Research surrounding video games is often controversial, but a recent study shows the positive role gamers’ perceptual strengths have on their learning ability.
Researchers from Brown University’s Laboratory for Cognitive and Perceptual Learning have published findings in PLOS ONE suggesting people who play video games on a regular basis are not only better and faster perceptual (visual) learners than non-frequent gamers, but are more resistant to perceptual interference, which may lead to more stable, long-term learning.
These findings are in good company. Video games have been the focus of much popular and psychological interest in recent years. Repeated studies have shown that “gamers” possess perceptual and attentional skills superior to non-gamers. For instance, gamers more easily differentiate between multiple distracting stimuli and expand their field of attention with greater ease.
Authors Berard, Cain, Watanabe, and Sasaki’s new study plants another flag on the face of video game research. Specifically, they asked if gamers’ heightened attentional abilities also “shield” them from perceptual interference and distractions, and if this shielding, in turn, enhances their long-term perceptual learning.
They recruited 9 gamers (those playing 5 hours or more/week) and 9 non-gamers (those playing less than 1 hour/week) and put them through two sessions of Task Discrimination Tasks (TDT). These exercises require participants to correctly identify the orientation of a sequence of targets on a screen. The target can appear in any of the screen’s four quadrants or its center, and the test introduces “interference” in the form of different backgrounds of vertical or horizontal lines. The speed and accuracy of responses are then measured. To measure memory consolidation (learning), often a full 24 hours passes between TDTs.
Past TDT research has demonstrated that different types of interference produce different perceptual and learning results. Interrupting a current TDT task with a new interference background, for instance, makes target discrimination more difficult. Once trained on one kind of background (horizontal lines), it becomes harder to learn when a new interference (vertical lines) is introduced. Shortening the time between target and interference screens further disrupts learning and memory processes. Both kinds of interference simulate real-world impediments to learning and were integral to this study.
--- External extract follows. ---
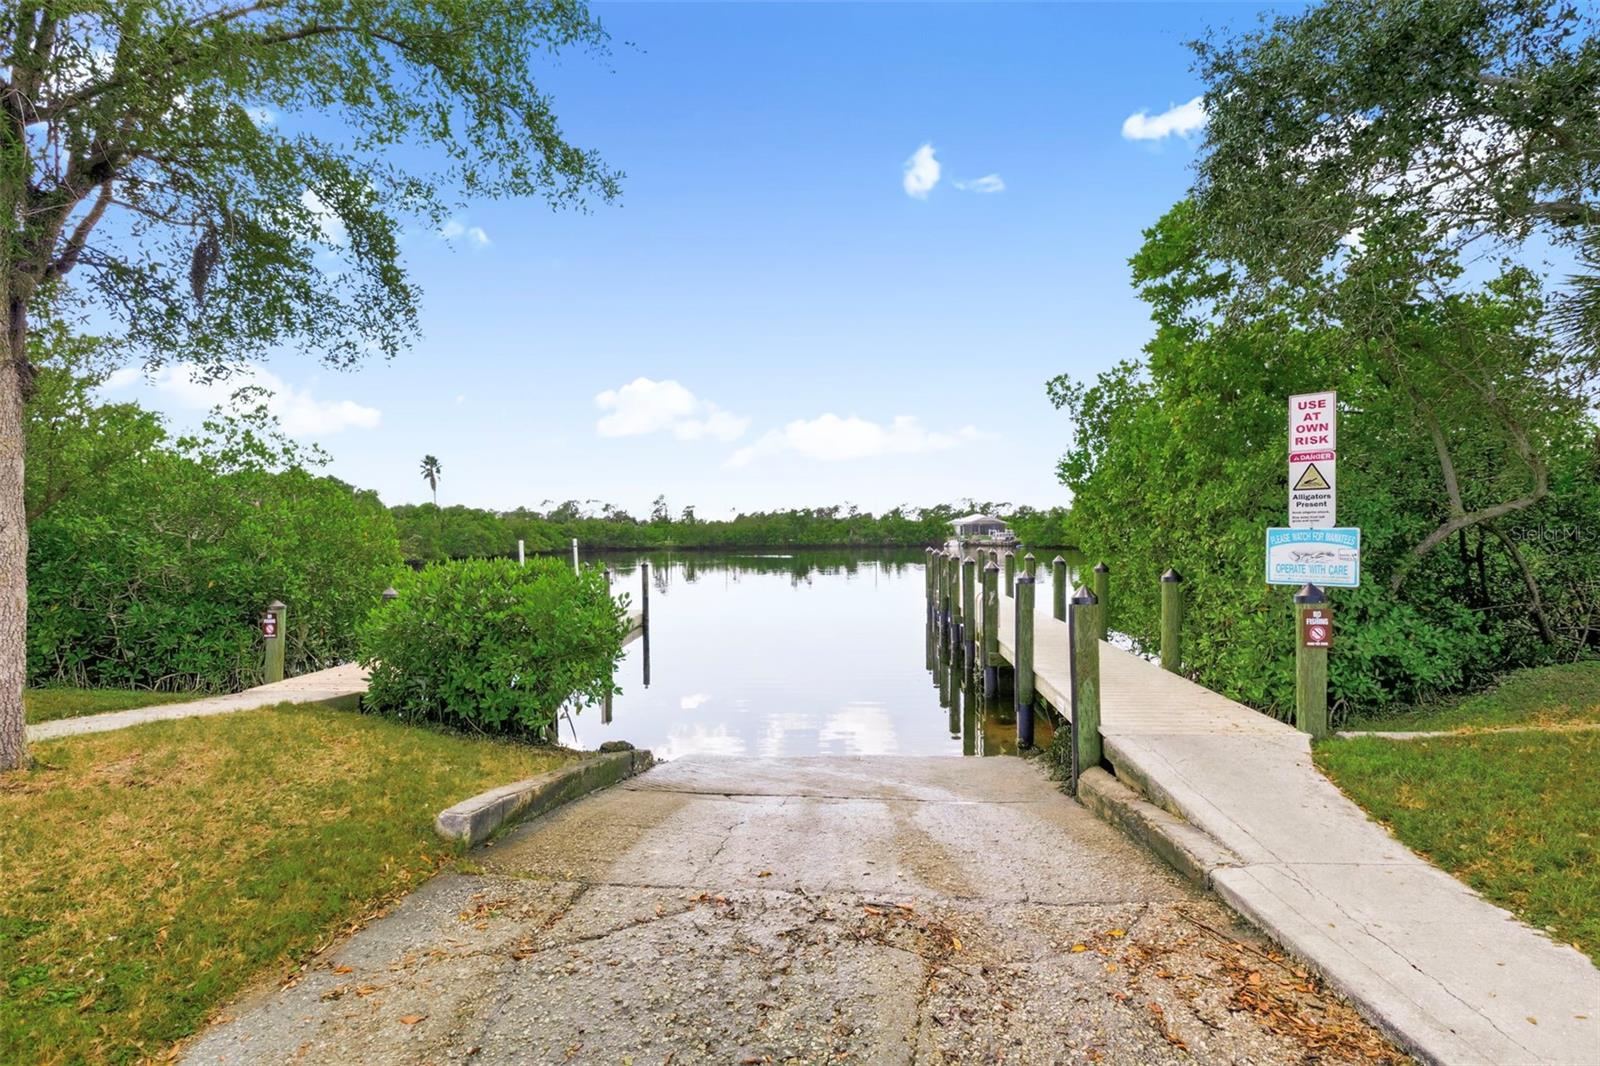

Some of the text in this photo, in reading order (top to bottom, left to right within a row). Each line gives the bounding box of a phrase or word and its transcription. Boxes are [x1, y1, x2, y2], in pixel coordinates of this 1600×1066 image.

To test how gamers fared against interference, the researchers administered a specialized TDT over the course of two days. Each session was evenly divided between vertical and horizontal interference, essentially functioning as a major perceptual interruption. On top of this, the targets and interference screens switched quicker and quicker (180 milliseconds to 60 milliseconds). Gamer and non-gamer participants took identical tests with identical interference shifts both days.
Replicating previous studies, results showed that gamers more quickly and accurately identified targets than non-gamers as measured by the increased presentation speed of targets and interference. The researchers were further rewarded with data suggesting gamers are more resistant to interference changes than non-gamers. They could recall, with greater accuracy than non-gamers, the position of targets through interjecting interference a full day later.
All of this suggests that gamers, possibly due to their increased exposure and practice with rapid, competing stimuli, reap long-term learning consolidation benefits in the face of interruptive stimuli. The same mechanisms that help them interpret and discriminate a large amount of speedy material may also help their long-term memories consolidate information.
“It may be possible that the vast amount of visual training frequent gamers receive over the years could help contribute to honing consolidation mechanisms in the brain, especially for visually developed skills,” the researchers explained. “Essentially, this would mean that over the 24-hour period of time between the experimental sessions, more efficient consolidation mechanisms could have been operating in the frequent gamers compared to the non-gamers, resulting in better overall learning.”
The authors of the study believe this vein of research could lead to a new model of visual learning, one “offering insight into how frequent gaming affects not only how we deal with presented information, but also how we retain this information, as well.”